::: Entries provided

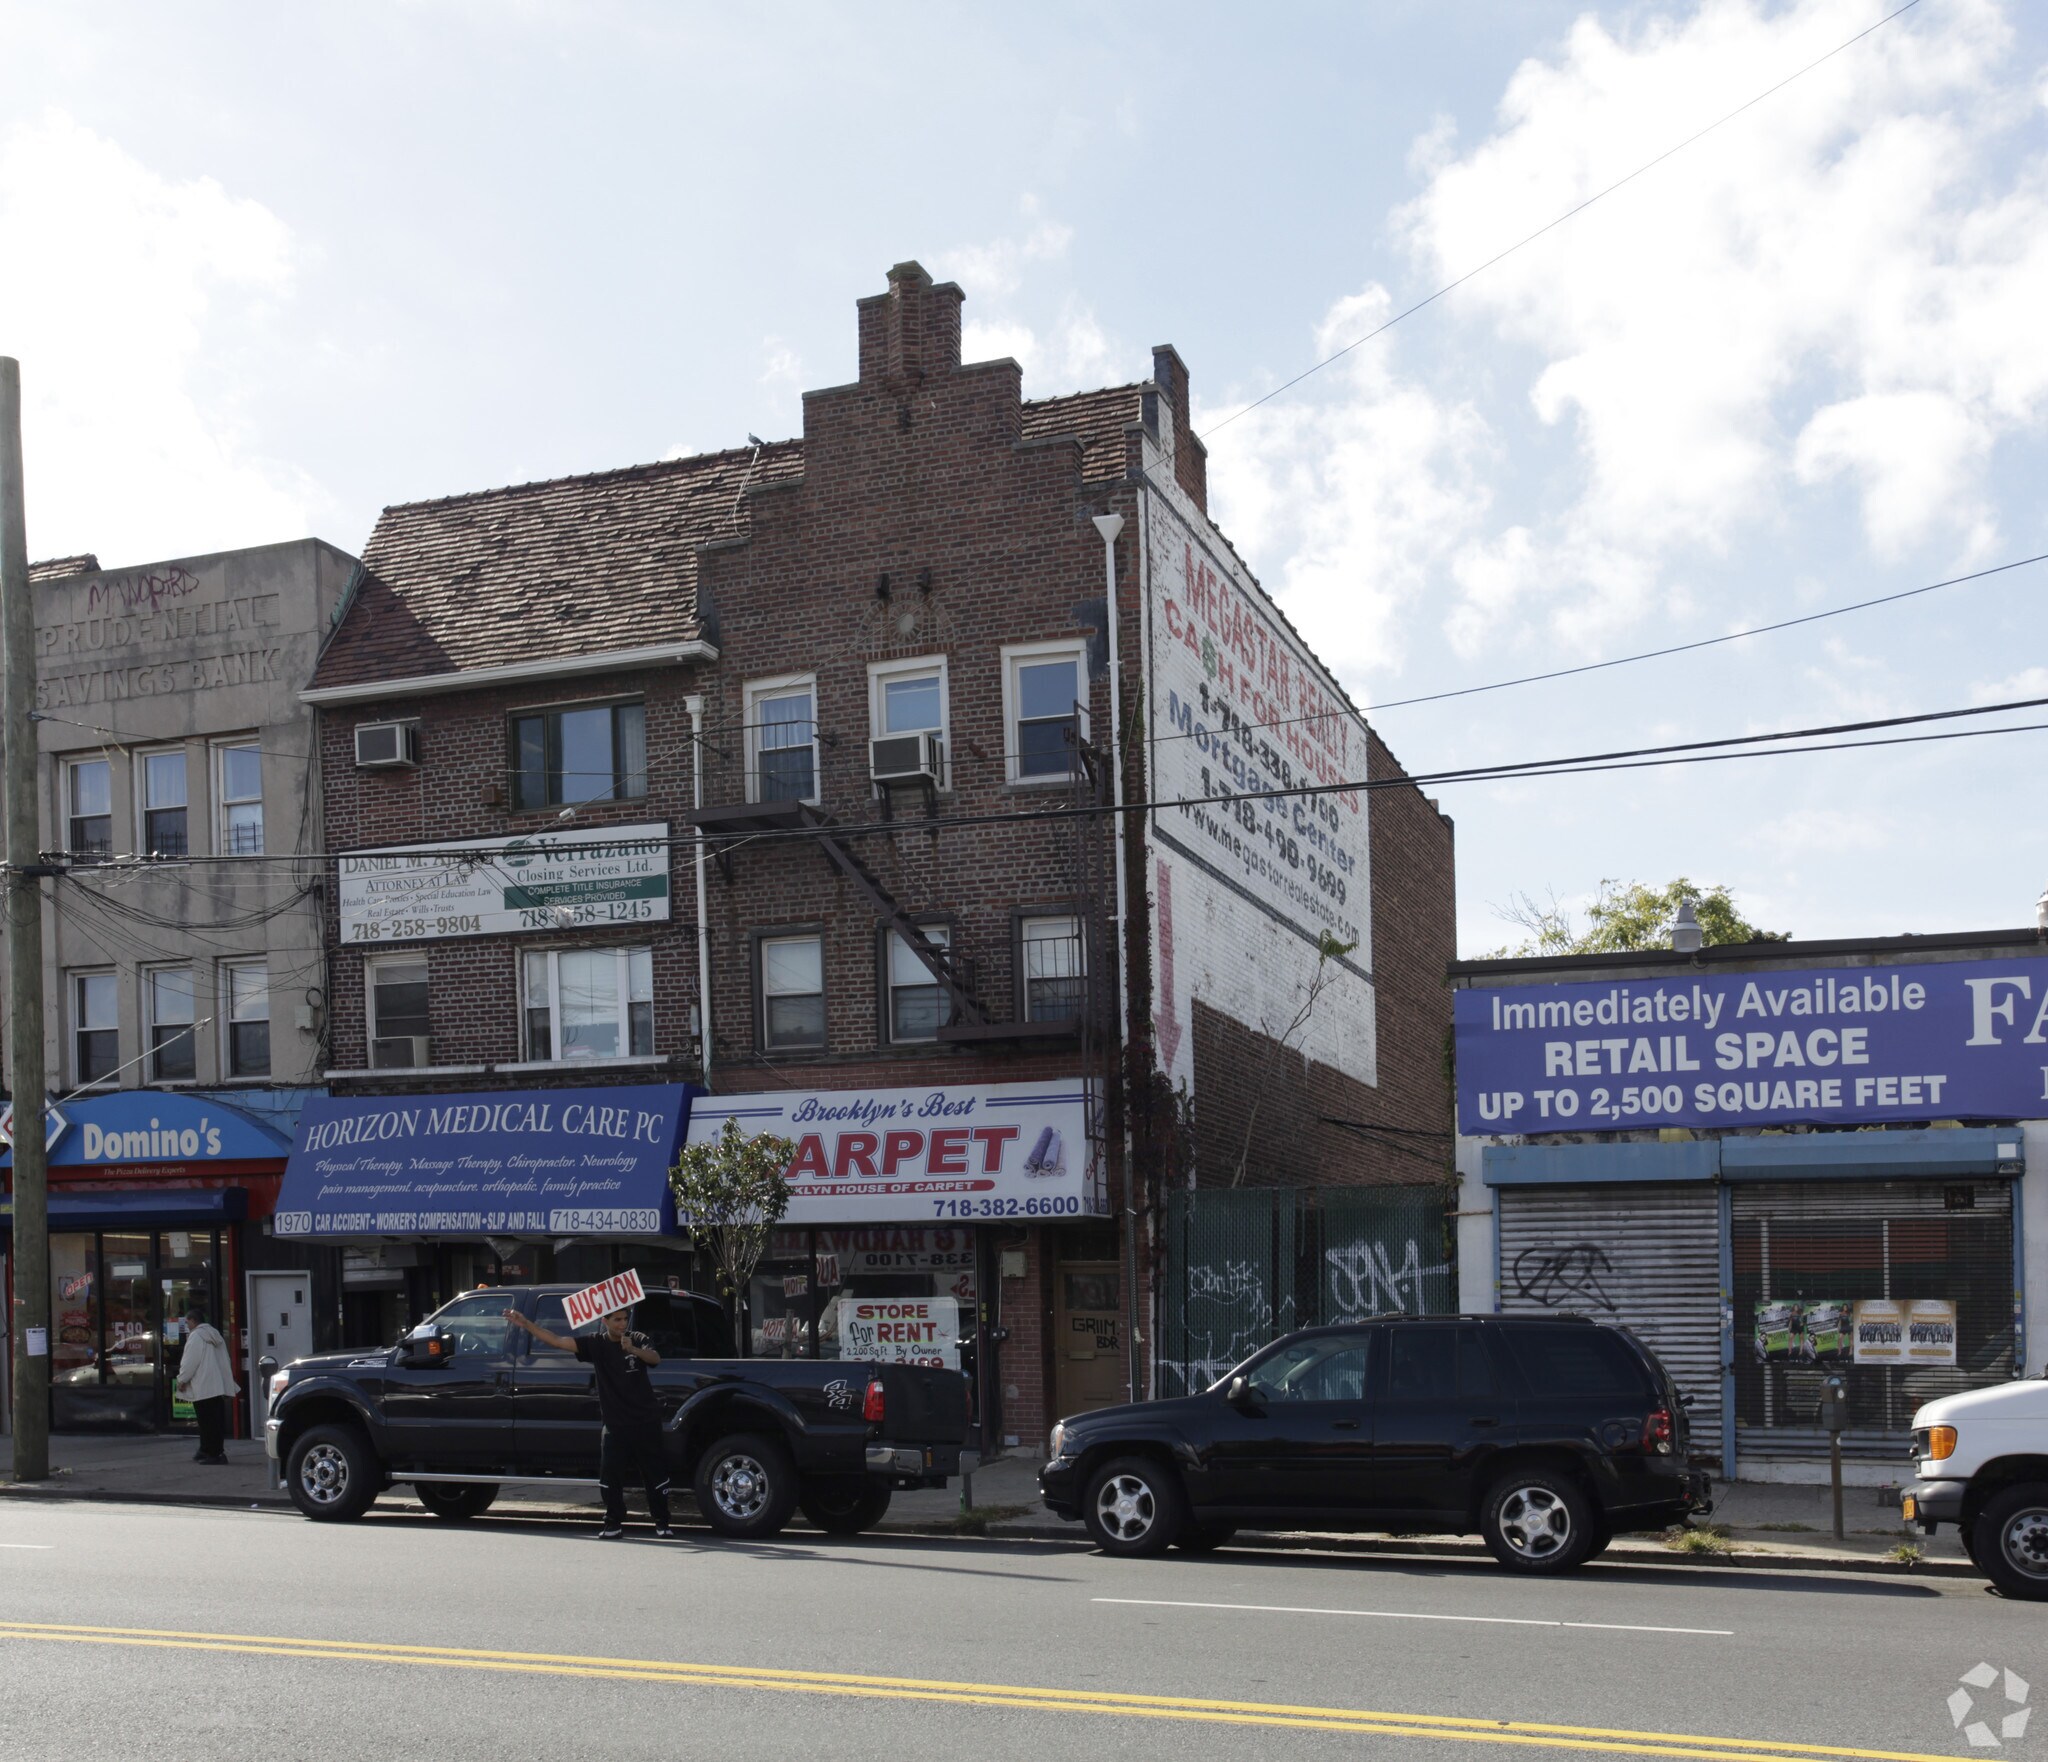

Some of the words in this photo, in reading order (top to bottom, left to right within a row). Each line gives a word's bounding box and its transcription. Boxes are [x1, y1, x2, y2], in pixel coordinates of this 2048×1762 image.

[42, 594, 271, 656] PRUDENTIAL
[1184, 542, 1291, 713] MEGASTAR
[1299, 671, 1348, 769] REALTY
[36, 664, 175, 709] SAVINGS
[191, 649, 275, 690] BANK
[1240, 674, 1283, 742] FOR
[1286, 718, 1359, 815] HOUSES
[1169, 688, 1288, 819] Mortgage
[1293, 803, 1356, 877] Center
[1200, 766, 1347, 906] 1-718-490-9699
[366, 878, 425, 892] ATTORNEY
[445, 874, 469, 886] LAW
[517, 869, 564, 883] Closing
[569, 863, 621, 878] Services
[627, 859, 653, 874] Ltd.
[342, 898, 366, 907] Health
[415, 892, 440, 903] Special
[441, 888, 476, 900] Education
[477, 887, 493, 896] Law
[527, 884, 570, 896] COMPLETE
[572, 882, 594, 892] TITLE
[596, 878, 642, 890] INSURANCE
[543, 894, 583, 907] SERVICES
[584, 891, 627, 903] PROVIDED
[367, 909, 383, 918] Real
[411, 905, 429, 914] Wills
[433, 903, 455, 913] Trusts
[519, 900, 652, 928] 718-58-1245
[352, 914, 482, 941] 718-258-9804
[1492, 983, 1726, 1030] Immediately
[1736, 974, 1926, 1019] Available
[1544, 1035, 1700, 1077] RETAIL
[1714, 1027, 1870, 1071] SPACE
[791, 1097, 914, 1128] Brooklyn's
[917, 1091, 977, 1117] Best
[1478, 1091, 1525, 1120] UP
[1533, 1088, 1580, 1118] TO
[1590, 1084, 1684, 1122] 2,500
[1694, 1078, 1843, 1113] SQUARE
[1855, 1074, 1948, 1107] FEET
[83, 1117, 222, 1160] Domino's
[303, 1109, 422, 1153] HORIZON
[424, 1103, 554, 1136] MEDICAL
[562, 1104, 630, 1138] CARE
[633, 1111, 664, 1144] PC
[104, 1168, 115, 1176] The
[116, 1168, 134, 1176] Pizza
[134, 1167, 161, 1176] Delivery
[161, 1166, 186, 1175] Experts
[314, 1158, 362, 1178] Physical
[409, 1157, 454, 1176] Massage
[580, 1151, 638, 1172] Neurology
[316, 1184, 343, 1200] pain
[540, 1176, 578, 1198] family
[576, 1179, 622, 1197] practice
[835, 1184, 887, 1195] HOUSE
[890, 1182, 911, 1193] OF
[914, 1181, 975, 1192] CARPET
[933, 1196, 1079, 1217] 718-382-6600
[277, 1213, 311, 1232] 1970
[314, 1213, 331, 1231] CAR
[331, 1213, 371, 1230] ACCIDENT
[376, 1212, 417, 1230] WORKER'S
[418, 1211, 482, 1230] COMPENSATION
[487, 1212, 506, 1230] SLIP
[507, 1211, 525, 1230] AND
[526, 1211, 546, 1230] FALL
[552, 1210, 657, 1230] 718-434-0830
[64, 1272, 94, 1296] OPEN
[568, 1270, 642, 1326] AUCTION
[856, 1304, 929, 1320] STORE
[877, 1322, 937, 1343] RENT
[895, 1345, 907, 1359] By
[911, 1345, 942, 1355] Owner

::::::

Return an exact transcription of the material, with its pictures left out.

## Reply to the task
Some of the words in this photo, in reading order (top to bottom, left to right within a row). Each line gives a word's bounding box and its transcription. Boxes are [x1, y1, x2, y2], in pixel coordinates of this 2048×1762 image.

[42, 594, 271, 656] PRUDENTIAL
[1184, 542, 1291, 713] MEGASTAR
[1299, 671, 1348, 769] REALTY
[36, 664, 175, 709] SAVINGS
[191, 649, 275, 690] BANK
[1240, 674, 1283, 742] FOR
[1286, 718, 1359, 815] HOUSES
[1169, 688, 1288, 819] Mortgage
[1293, 803, 1356, 877] Center
[1200, 766, 1347, 906] 1-718-490-9699
[366, 878, 425, 892] ATTORNEY
[445, 874, 469, 886] LAW
[517, 869, 564, 883] Closing
[569, 863, 621, 878] Services
[627, 859, 653, 874] Ltd.
[342, 898, 366, 907] Health
[415, 892, 440, 903] Special
[441, 888, 476, 900] Education
[477, 887, 493, 896] Law
[527, 884, 570, 896] COMPLETE
[572, 882, 594, 892] TITLE
[596, 878, 642, 890] INSURANCE
[543, 894, 583, 907] SERVICES
[584, 891, 627, 903] PROVIDED
[367, 909, 383, 918] Real
[411, 905, 429, 914] Wills
[433, 903, 455, 913] Trusts
[519, 900, 652, 928] 718-58-1245
[352, 914, 482, 941] 718-258-9804
[1492, 983, 1726, 1030] Immediately
[1736, 974, 1926, 1019] Available
[1544, 1035, 1700, 1077] RETAIL
[1714, 1027, 1870, 1071] SPACE
[791, 1097, 914, 1128] Brooklyn's
[917, 1091, 977, 1117] Best
[1478, 1091, 1525, 1120] UP
[1533, 1088, 1580, 1118] TO
[1590, 1084, 1684, 1122] 2,500
[1694, 1078, 1843, 1113] SQUARE
[1855, 1074, 1948, 1107] FEET
[83, 1117, 222, 1160] Domino's
[303, 1109, 422, 1153] HORIZON
[424, 1103, 554, 1136] MEDICAL
[562, 1104, 630, 1138] CARE
[633, 1111, 664, 1144] PC
[104, 1168, 115, 1176] The
[116, 1168, 134, 1176] Pizza
[134, 1167, 161, 1176] Delivery
[161, 1166, 186, 1175] Experts
[314, 1158, 362, 1178] Physical
[409, 1157, 454, 1176] Massage
[580, 1151, 638, 1172] Neurology
[316, 1184, 343, 1200] pain
[540, 1176, 578, 1198] family
[576, 1179, 622, 1197] practice
[835, 1184, 887, 1195] HOUSE
[890, 1182, 911, 1193] OF
[914, 1181, 975, 1192] CARPET
[933, 1196, 1079, 1217] 718-382-6600
[277, 1213, 311, 1232] 1970
[314, 1213, 331, 1231] CAR
[331, 1213, 371, 1230] ACCIDENT
[376, 1212, 417, 1230] WORKER'S
[418, 1211, 482, 1230] COMPENSATION
[487, 1212, 506, 1230] SLIP
[507, 1211, 525, 1230] AND
[526, 1211, 546, 1230] FALL
[552, 1210, 657, 1230] 718-434-0830
[64, 1272, 94, 1296] OPEN
[568, 1270, 642, 1326] AUCTION
[856, 1304, 929, 1320] STORE
[877, 1322, 937, 1343] RENT
[895, 1345, 907, 1359] By
[911, 1345, 942, 1355] Owner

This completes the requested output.